Day 40: About two weeks ago, my homeroom partner made me a video for my birthday. It’s a whole bunch of my kids wishing me Happy Birthday and saying what they appreciate about me. One of these is AM. I don’t remember exactly what she said, but around that time, she was so invested in me and my class that she had been routinely giving up recess and lunch to grade papers for me. She stayed afterschool to tutor for me. Pretty much an ideal student.
Flash forward to this past week. Thursday, I wrote down seven different times AM refused to follow my directions. Refusing to put the bathroom pass back. Walking to put it back while swinging it above her head. Eating candy when she said she was going to throw it out. Picking up lead when I asked her to put it down. Holding a pencil an inch above the desk when I asked for pencils down.
This had been in the works for about a week, until the day before, when we had a short but intense conversation about respect. Clearly, the conversation didn’t work. AM hadn’t changed her behavior. I had mom in for a short meeting, during which I thought I saw contrition, but Friday was no better.

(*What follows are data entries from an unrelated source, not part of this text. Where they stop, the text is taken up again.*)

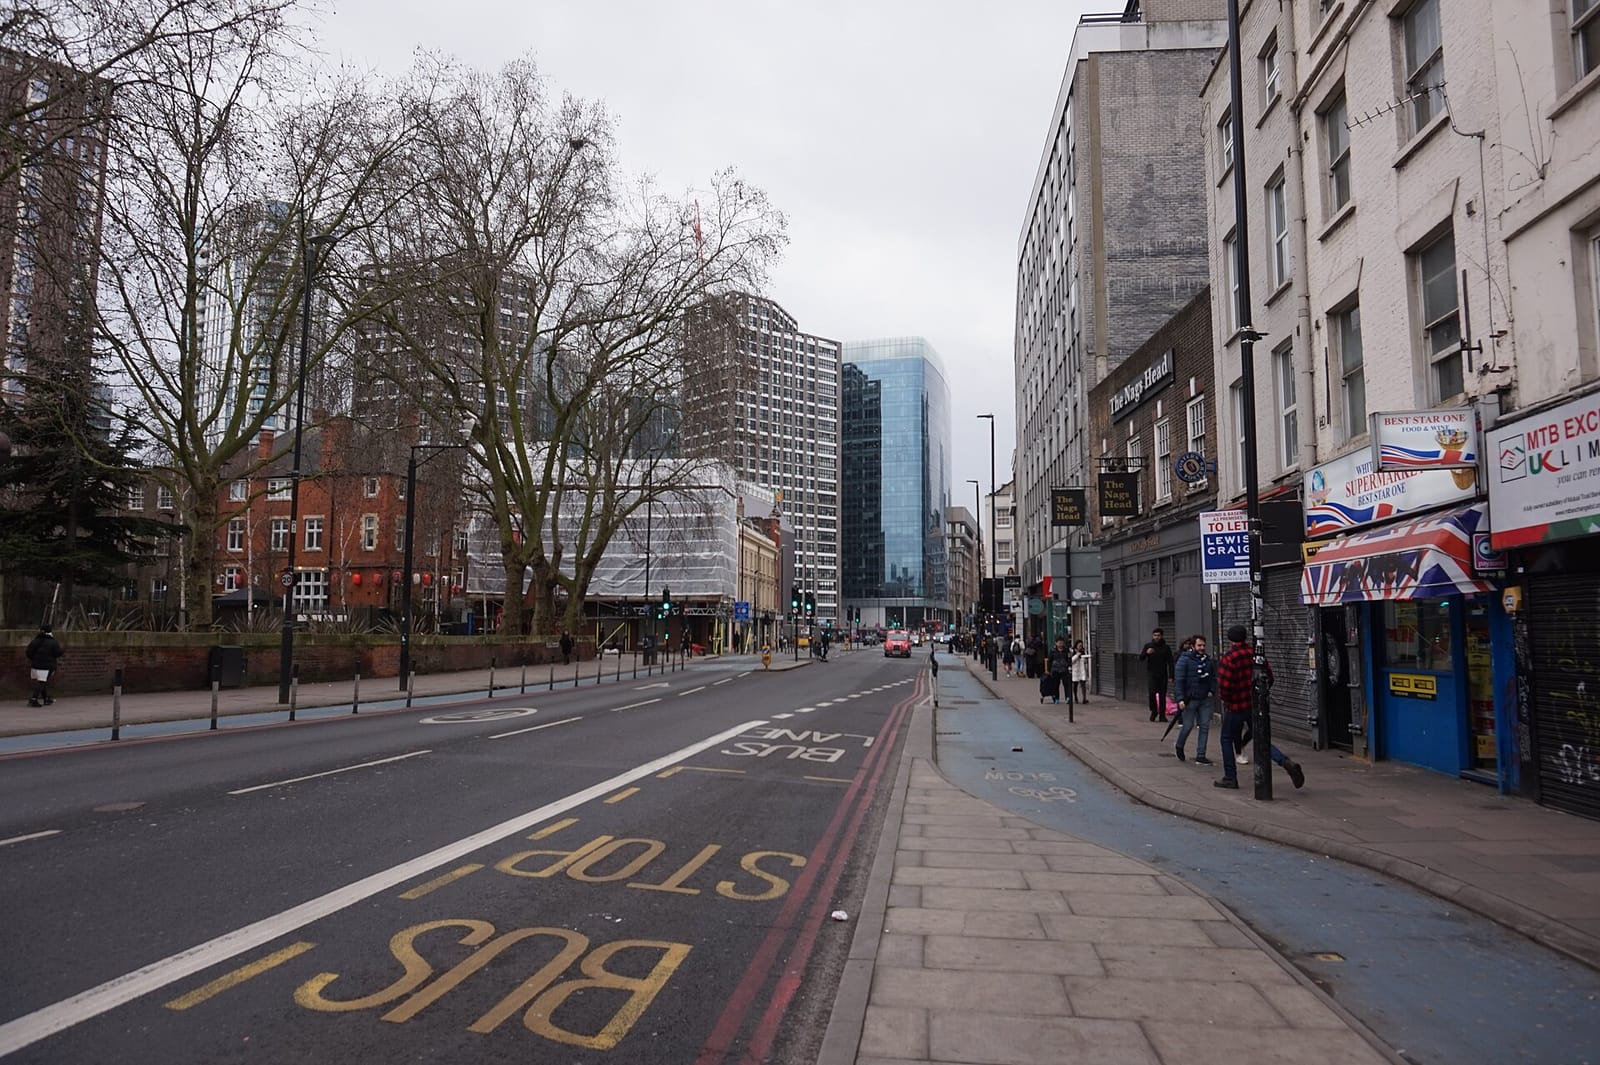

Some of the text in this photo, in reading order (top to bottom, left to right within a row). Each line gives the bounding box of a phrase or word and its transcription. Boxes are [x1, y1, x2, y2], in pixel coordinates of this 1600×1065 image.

[1109, 352, 1169, 415] The Nags Head
[1384, 413, 1466, 426] BEST STAR ONE
[1527, 408, 1600, 451] MTB EXC
[1355, 461, 1373, 475] WHIT
[1557, 474, 1571, 488] you
[1573, 470, 1587, 480] can
[1104, 491, 1130, 500] Nags
[1357, 481, 1406, 506] BEST STAR ONE
[1056, 504, 1078, 513] Nags
[1104, 500, 1132, 508] Head
[1208, 520, 1249, 532] TO LET
[1207, 534, 1249, 545] LEWIS
[1207, 544, 1250, 555] CRAIG
[282, 576, 292, 584] 20
[737, 727, 875, 747] LANE
[720, 742, 846, 763] BUS
[494, 834, 807, 900] STOP
[293, 918, 694, 1051] BUS

This ate at me, more than anything this year has gotten to me. What had I done? What had changed? Why wasn’t the behavior changing?

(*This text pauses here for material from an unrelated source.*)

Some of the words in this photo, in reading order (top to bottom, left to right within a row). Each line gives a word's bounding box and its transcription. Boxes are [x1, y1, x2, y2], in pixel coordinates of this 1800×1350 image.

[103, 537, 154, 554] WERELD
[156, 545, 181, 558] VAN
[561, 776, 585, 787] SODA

I mentioned this to my mother today, who gave me much sage advice, but the one line that stands out was, “You are not a psychotherapist.” She’s right. My job is to teach, and if a student isn’t meeting expectations, to respond with a logical consequence. I can diagnose and ponder and ruminate all I want, but at the end of the day, that might mean jack. It hurts more that this is a student whose relationship with me I had really valued, but if anything, that likely led me to be too nice at the start of the week.

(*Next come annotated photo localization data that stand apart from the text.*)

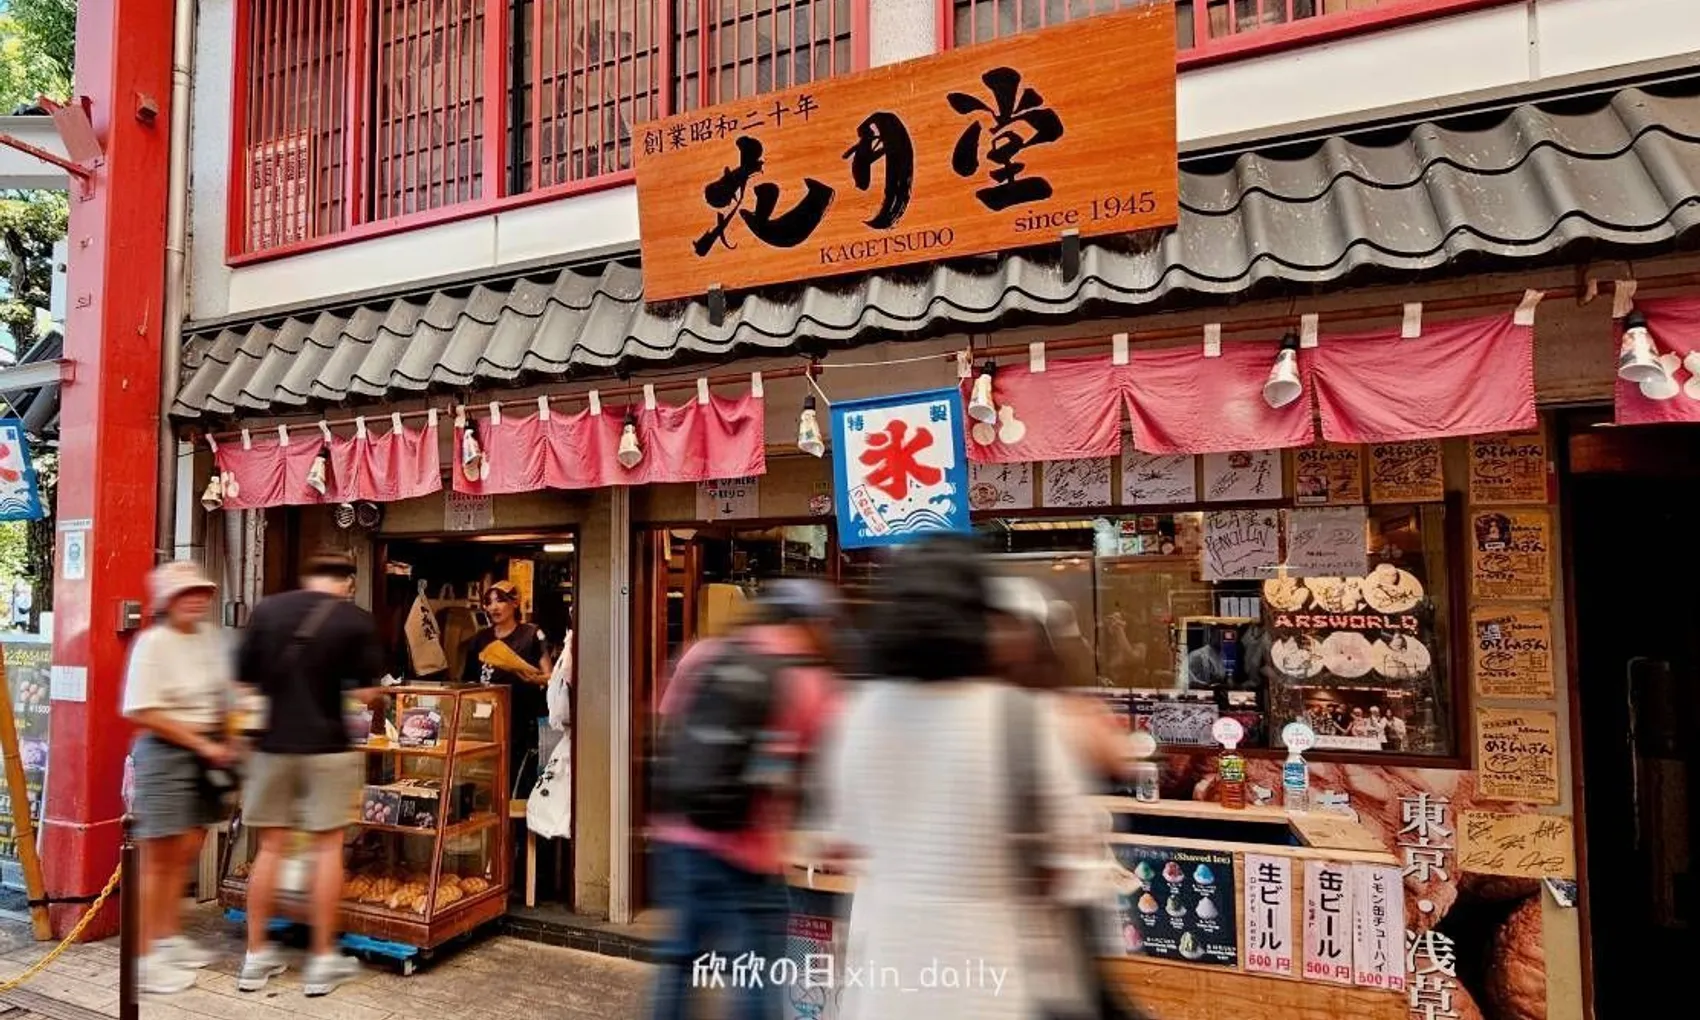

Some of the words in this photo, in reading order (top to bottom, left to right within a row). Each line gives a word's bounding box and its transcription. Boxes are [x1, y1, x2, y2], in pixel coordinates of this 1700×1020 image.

[643, 93, 819, 155] 創業昭和二十年
[693, 66, 1064, 257] 花月堂
[819, 227, 955, 265] KAGETSUDO
[1014, 205, 1080, 233] since
[1089, 191, 1157, 222] 1945
[858, 419, 942, 501] 氷
[1258, 863, 1282, 950] 生ビール
[1317, 870, 1344, 958] 缶ビール
[1397, 792, 1459, 1020] 東京・浅草
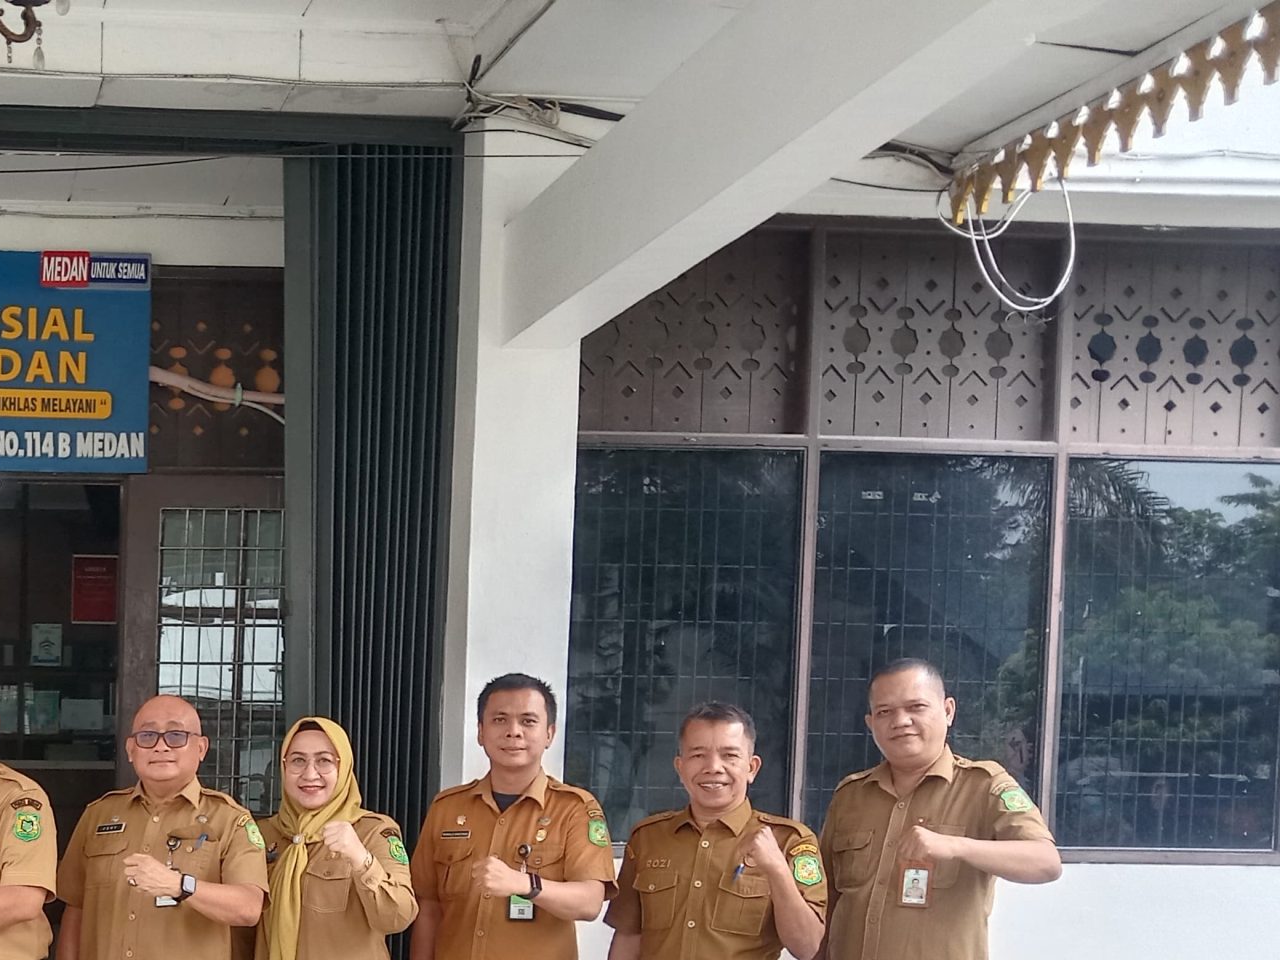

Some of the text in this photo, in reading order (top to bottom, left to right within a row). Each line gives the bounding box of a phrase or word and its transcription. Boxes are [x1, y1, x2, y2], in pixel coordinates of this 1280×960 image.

[42, 256, 146, 282] MEDAN UNTUK SEMUA
[41, 397, 96, 413] MELAYANI
[57, 431, 70, 459] B
[76, 432, 145, 459] MEDAN

I will never be liked by 100 percent of my students. That is a fact that I intellectually comprehend, yet fail to fully believe at times. This is one of those times that I have to really believe it. I’m not AM’s buddy, and it’s not my job to be her buddy. Come Monday, I’ll make the limits crystal clear, and if it is her choice whether or not to meet my expectations. I am not a psychotherapist. I will treat the behavior I see.